▶ _WORK TO BE COMPLETED_
If a record holds a picture, omit that picture and copy everything else exactly.

▶ _EXERCISE INPUT_
※

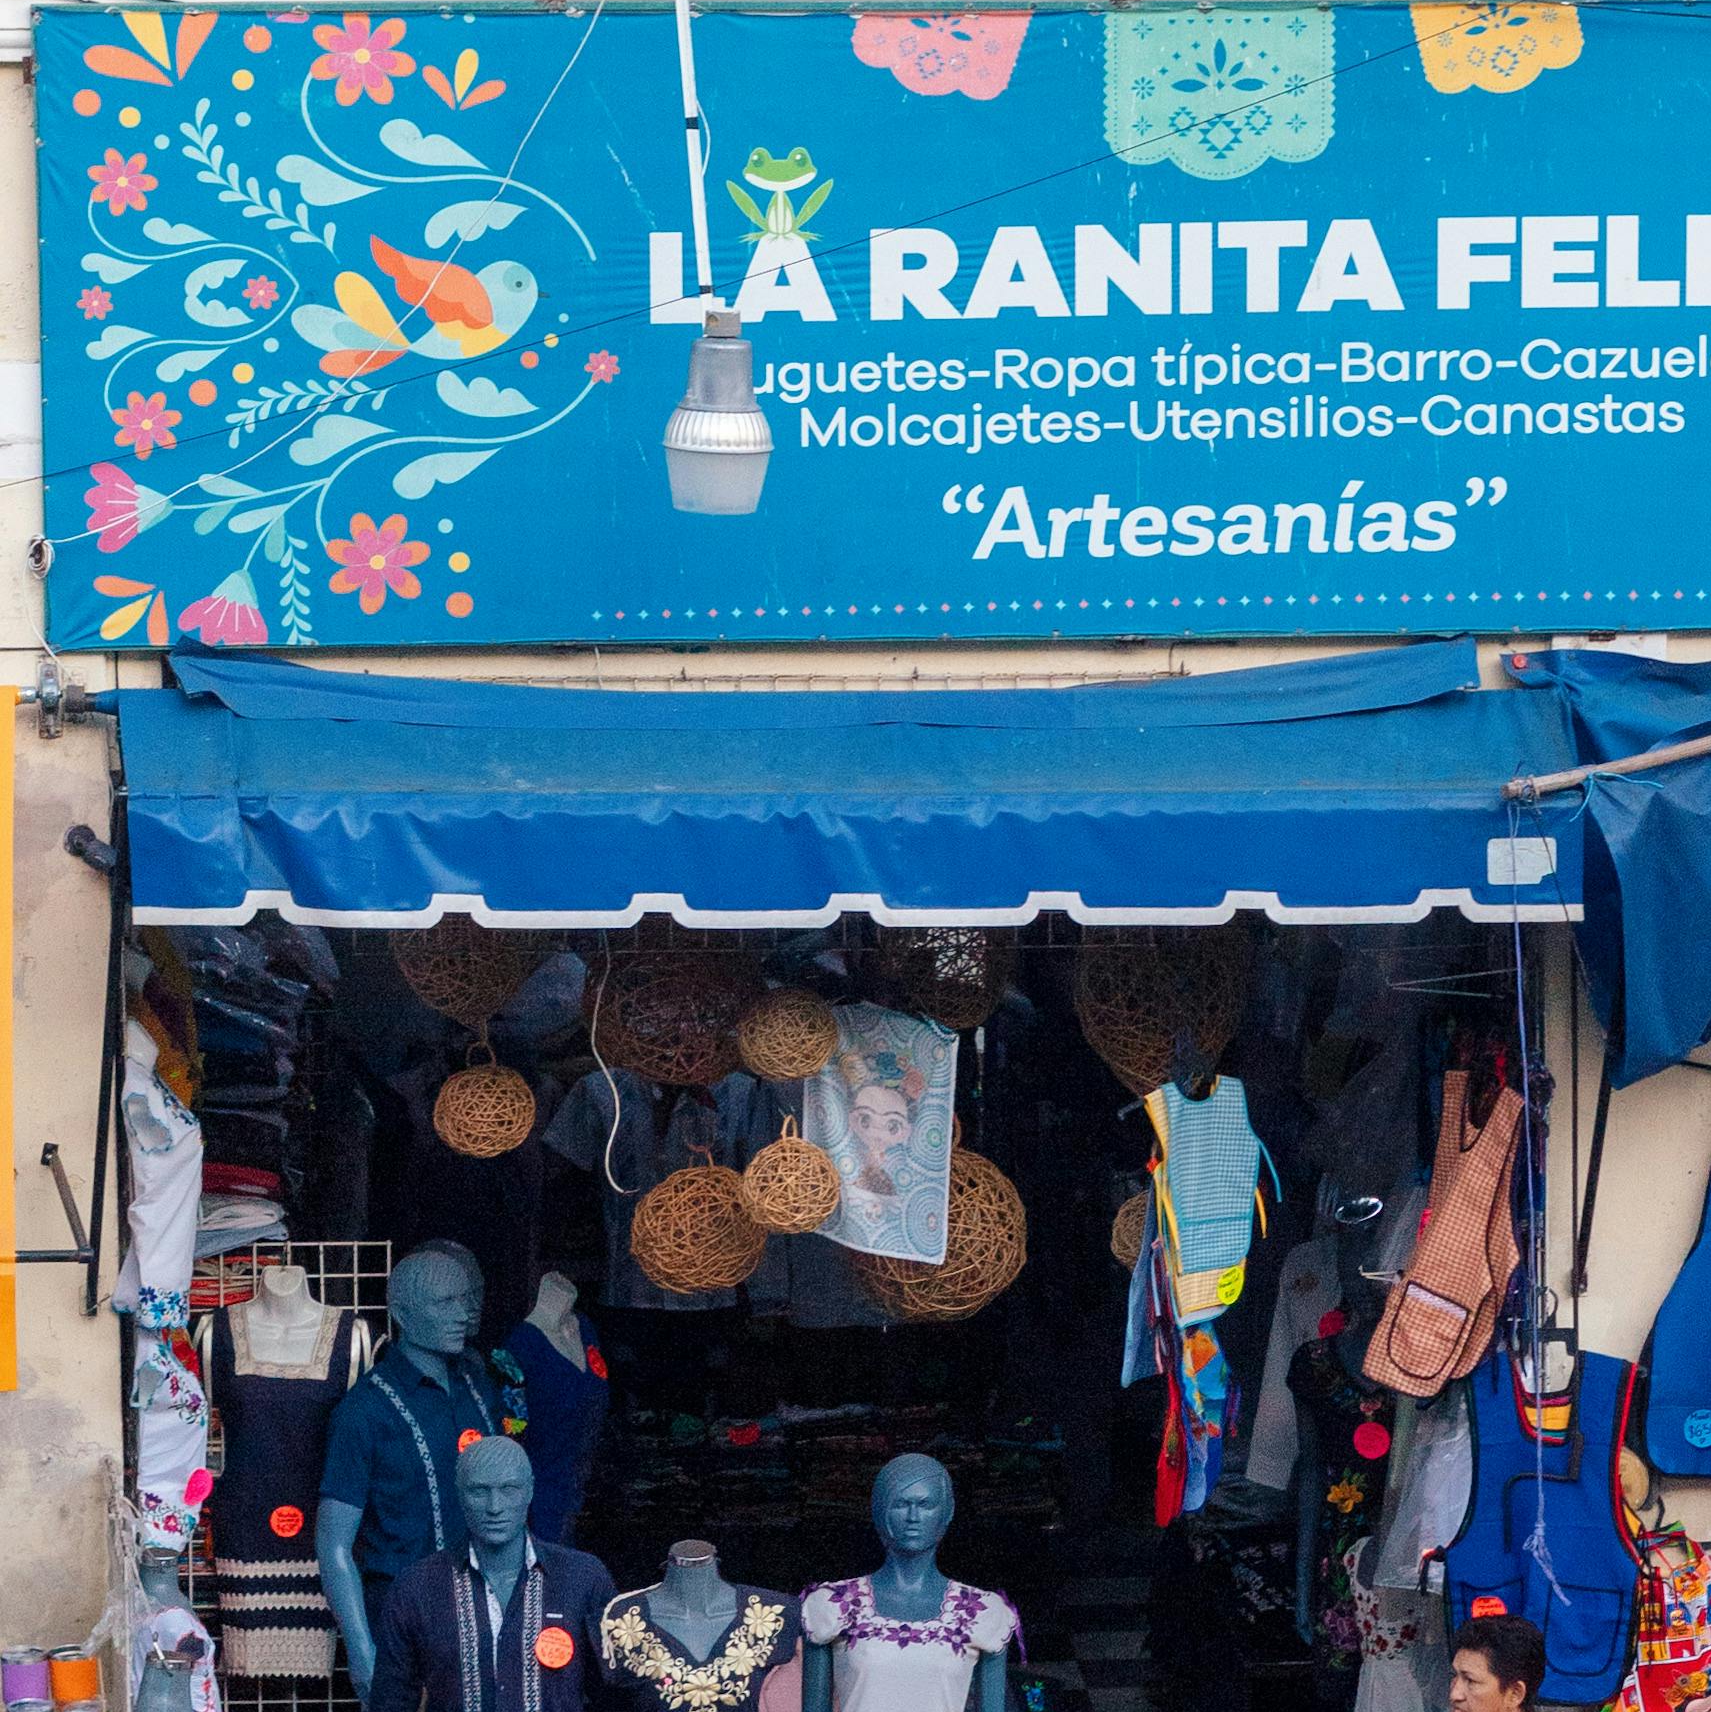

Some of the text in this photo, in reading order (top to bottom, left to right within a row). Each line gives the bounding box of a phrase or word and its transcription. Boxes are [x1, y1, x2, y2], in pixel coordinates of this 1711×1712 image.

[650, 231, 837, 326] LA
[870, 220, 1405, 321] RANITA
[752, 349, 1135, 404] uguetes-Ropa
[800, 394, 1685, 454] Molcajetes-Utensilios-Canastas
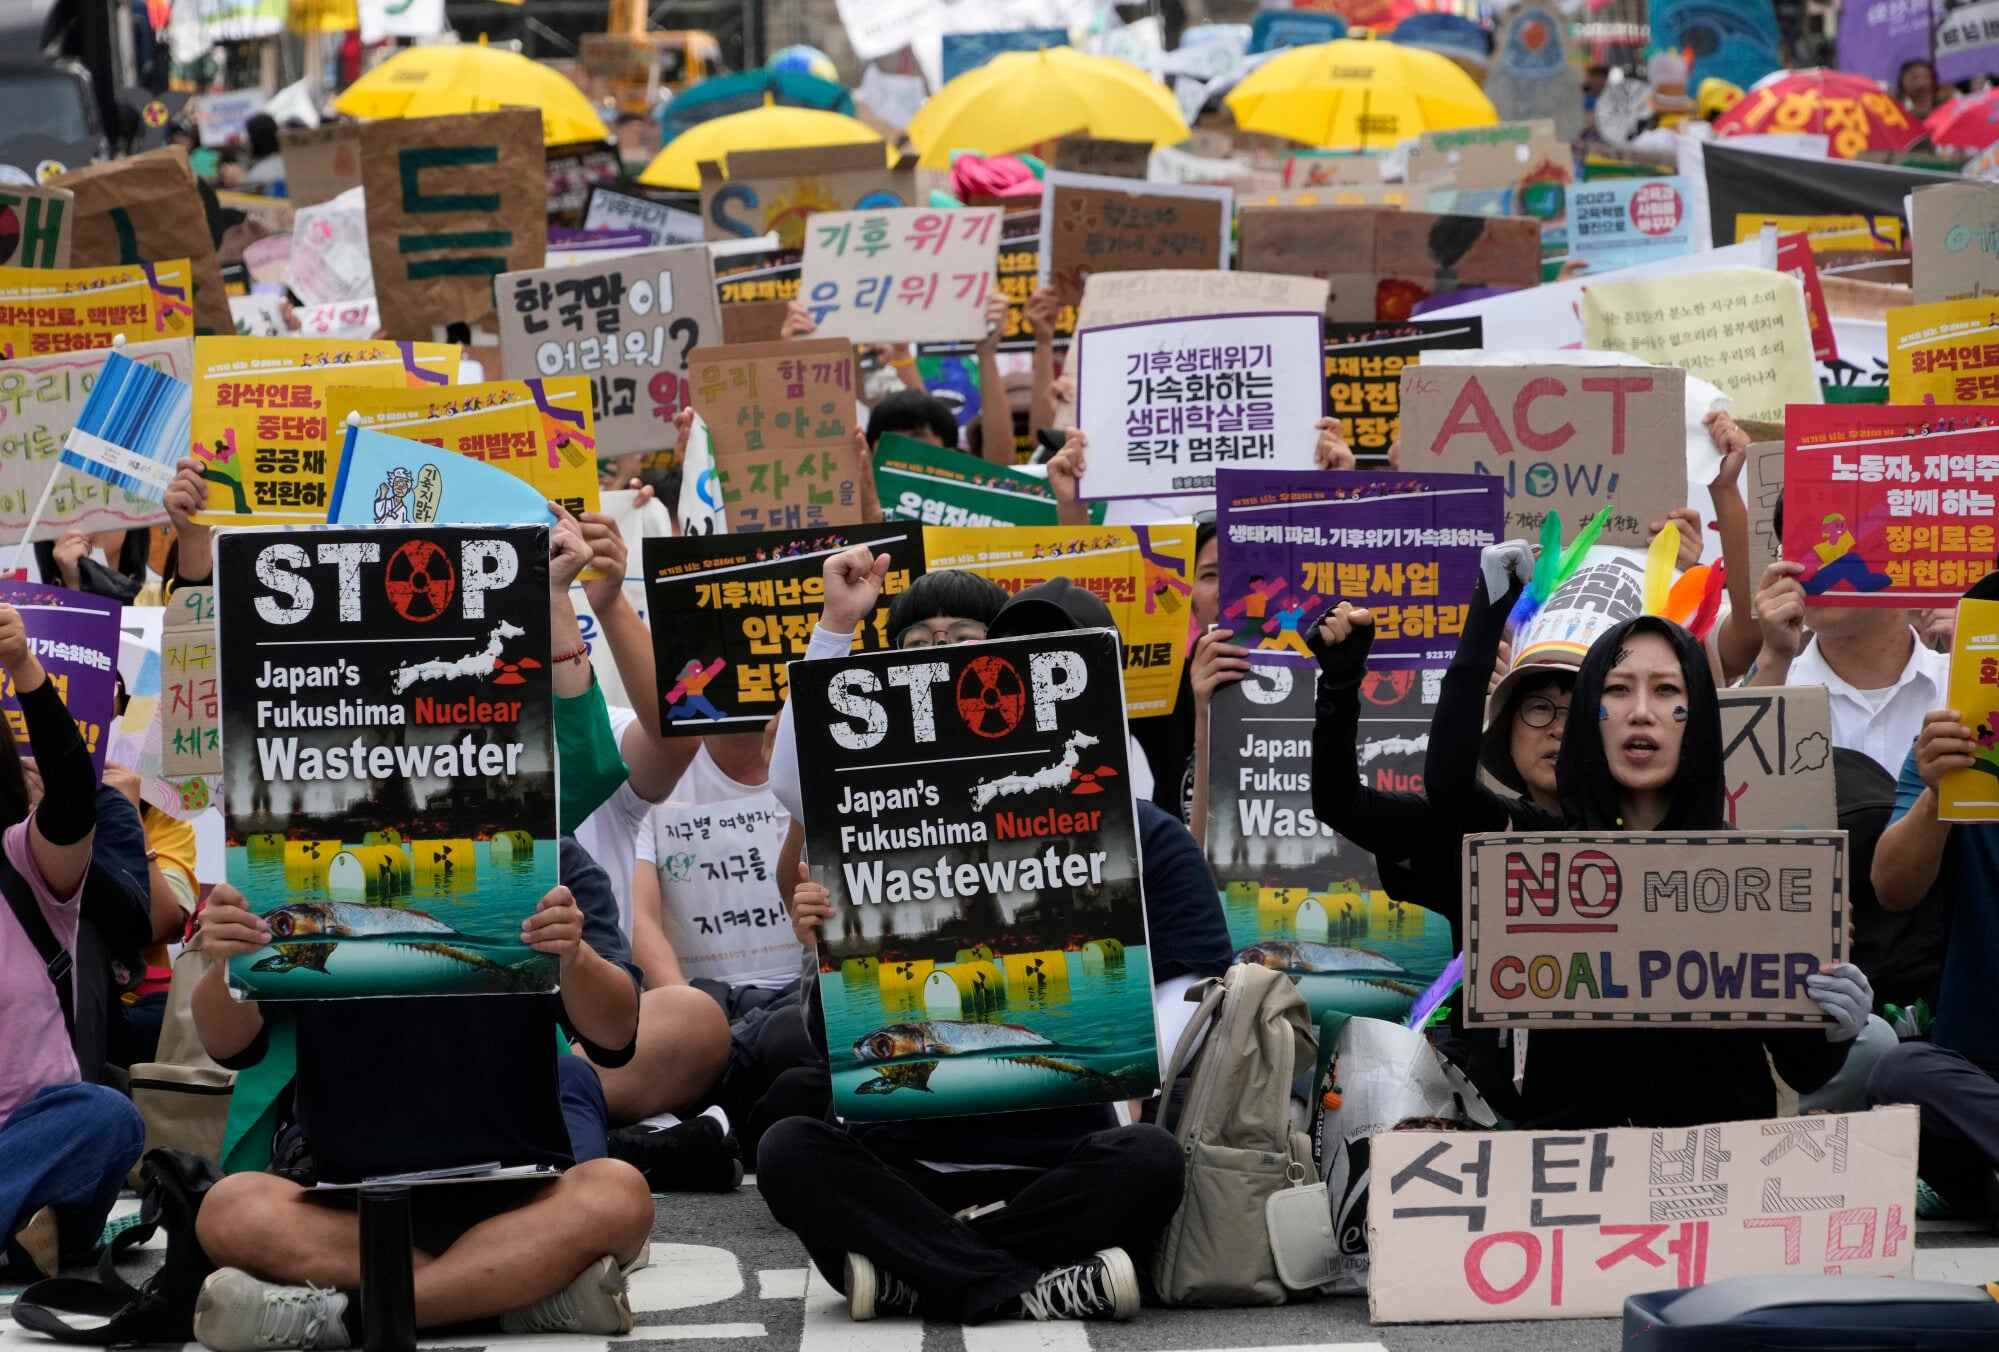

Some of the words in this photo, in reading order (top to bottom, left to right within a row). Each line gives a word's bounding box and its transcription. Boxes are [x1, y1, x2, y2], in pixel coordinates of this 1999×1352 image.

※

▶ _TASK ANSWER_
Some of the text in this photo, in reading order (top to bottom, left to right within a row). Each line gives the bounding box of a phrase or word and its transcription. Boxes are [x1, y1, x2, y2], in pixel coordinates of this 1711×1712 image.

[650, 231, 837, 326] LA
[870, 220, 1405, 321] RANITA
[752, 349, 1135, 404] uguetes-Ropa
[800, 394, 1685, 454] Molcajetes-Utensilios-Canastas

Some of the words in this photo, in reading order (top to bottom, left to right within a row). Each line gives a word's bounding box and its transcription. Boxes are [x1, y1, x2, y2], in pixel coordinates of this 1999×1352 image.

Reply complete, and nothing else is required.